--- Data supplied ---

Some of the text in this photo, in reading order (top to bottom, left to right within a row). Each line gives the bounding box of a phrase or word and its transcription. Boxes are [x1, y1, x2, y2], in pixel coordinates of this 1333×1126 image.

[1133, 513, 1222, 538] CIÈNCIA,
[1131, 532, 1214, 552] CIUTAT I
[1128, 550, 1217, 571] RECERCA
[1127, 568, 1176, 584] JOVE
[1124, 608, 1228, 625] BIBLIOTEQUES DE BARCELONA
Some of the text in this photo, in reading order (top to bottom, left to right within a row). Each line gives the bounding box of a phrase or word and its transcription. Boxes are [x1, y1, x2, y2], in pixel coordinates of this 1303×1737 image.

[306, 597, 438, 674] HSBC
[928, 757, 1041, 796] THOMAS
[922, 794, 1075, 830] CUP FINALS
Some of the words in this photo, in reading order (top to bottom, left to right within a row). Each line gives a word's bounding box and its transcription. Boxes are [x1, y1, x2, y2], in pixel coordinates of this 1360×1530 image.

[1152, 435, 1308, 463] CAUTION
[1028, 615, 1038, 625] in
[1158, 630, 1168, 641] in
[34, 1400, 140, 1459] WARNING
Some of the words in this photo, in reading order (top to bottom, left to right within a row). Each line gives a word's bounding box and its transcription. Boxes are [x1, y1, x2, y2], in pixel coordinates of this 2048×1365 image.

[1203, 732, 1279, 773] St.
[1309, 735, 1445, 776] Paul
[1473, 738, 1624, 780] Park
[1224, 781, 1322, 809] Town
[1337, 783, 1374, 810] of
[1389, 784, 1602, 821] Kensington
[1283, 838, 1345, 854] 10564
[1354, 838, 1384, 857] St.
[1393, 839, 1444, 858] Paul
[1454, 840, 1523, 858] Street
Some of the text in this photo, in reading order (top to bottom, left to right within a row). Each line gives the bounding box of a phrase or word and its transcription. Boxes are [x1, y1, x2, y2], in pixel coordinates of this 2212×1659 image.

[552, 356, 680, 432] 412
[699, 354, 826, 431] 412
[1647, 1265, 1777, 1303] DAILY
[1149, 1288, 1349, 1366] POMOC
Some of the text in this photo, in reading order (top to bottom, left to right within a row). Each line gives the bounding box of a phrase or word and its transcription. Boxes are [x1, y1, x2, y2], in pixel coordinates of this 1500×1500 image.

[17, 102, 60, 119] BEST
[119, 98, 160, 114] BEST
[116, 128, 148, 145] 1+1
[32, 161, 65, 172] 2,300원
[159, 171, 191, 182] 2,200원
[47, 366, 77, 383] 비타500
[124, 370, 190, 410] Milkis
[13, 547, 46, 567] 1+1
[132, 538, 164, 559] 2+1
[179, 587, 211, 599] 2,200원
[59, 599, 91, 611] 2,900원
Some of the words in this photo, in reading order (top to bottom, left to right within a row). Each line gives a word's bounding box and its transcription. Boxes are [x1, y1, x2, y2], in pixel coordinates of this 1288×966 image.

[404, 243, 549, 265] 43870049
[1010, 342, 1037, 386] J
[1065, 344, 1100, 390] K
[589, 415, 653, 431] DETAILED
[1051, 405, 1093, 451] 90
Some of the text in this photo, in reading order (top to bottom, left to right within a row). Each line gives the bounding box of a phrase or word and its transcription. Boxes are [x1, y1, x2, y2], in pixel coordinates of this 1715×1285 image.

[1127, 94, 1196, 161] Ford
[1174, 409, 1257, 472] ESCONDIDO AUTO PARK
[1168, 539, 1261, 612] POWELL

---

= Directions =
Give the records above again, word for word.

= Result for this task =
Some of the text in this photo, in reading order (top to bottom, left to right within a row). Each line gives the bounding box of a phrase or word and its transcription. Boxes are [x1, y1, x2, y2], in pixel coordinates of this 1333×1126 image.

[1133, 513, 1222, 538] CIÈNCIA,
[1131, 532, 1214, 552] CIUTAT I
[1128, 550, 1217, 571] RECERCA
[1127, 568, 1176, 584] JOVE
[1124, 608, 1228, 625] BIBLIOTEQUES DE BARCELONA
Some of the text in this photo, in reading order (top to bottom, left to right within a row). Each line gives the bounding box of a phrase or word and its transcription. Boxes are [x1, y1, x2, y2], in pixel coordinates of this 1303×1737 image.

[306, 597, 438, 674] HSBC
[928, 757, 1041, 796] THOMAS
[922, 794, 1075, 830] CUP FINALS
Some of the words in this photo, in reading order (top to bottom, left to right within a row). Each line gives a word's bounding box and its transcription. Boxes are [x1, y1, x2, y2], in pixel coordinates of this 1360×1530 image.

[1152, 435, 1308, 463] CAUTION
[1028, 615, 1038, 625] in
[1158, 630, 1168, 641] in
[34, 1400, 140, 1459] WARNING
Some of the words in this photo, in reading order (top to bottom, left to right within a row). Each line gives a word's bounding box and its transcription. Boxes are [x1, y1, x2, y2], in pixel coordinates of this 2048×1365 image.

[1203, 732, 1279, 773] St.
[1309, 735, 1445, 776] Paul
[1473, 738, 1624, 780] Park
[1224, 781, 1322, 809] Town
[1337, 783, 1374, 810] of
[1389, 784, 1602, 821] Kensington
[1283, 838, 1345, 854] 10564
[1354, 838, 1384, 857] St.
[1393, 839, 1444, 858] Paul
[1454, 840, 1523, 858] Street
Some of the text in this photo, in reading order (top to bottom, left to right within a row). Each line gives the bounding box of a phrase or word and its transcription. Boxes are [x1, y1, x2, y2], in pixel coordinates of this 2212×1659 image.

[552, 356, 680, 432] 412
[699, 354, 826, 431] 412
[1647, 1265, 1777, 1303] DAILY
[1149, 1288, 1349, 1366] POMOC
Some of the text in this photo, in reading order (top to bottom, left to right within a row). Each line gives the bounding box of a phrase or word and its transcription. Boxes are [x1, y1, x2, y2], in pixel coordinates of this 1500×1500 image.

[17, 102, 60, 119] BEST
[119, 98, 160, 114] BEST
[116, 128, 148, 145] 1+1
[32, 161, 65, 172] 2,300원
[159, 171, 191, 182] 2,200원
[47, 366, 77, 383] 비타500
[124, 370, 190, 410] Milkis
[13, 547, 46, 567] 1+1
[132, 538, 164, 559] 2+1
[179, 587, 211, 599] 2,200원
[59, 599, 91, 611] 2,900원
Some of the words in this photo, in reading order (top to bottom, left to right within a row). Each line gives a word's bounding box and its transcription. Boxes are [x1, y1, x2, y2], in pixel coordinates of this 1288×966 image.

[404, 243, 549, 265] 43870049
[1010, 342, 1037, 386] J
[1065, 344, 1100, 390] K
[589, 415, 653, 431] DETAILED
[1051, 405, 1093, 451] 90
Some of the text in this photo, in reading order (top to bottom, left to right within a row). Each line gives the bounding box of a phrase or word and its transcription. Boxes are [x1, y1, x2, y2], in pixel coordinates of this 1715×1285 image.

[1127, 94, 1196, 161] Ford
[1174, 409, 1257, 472] ESCONDIDO AUTO PARK
[1168, 539, 1261, 612] POWELL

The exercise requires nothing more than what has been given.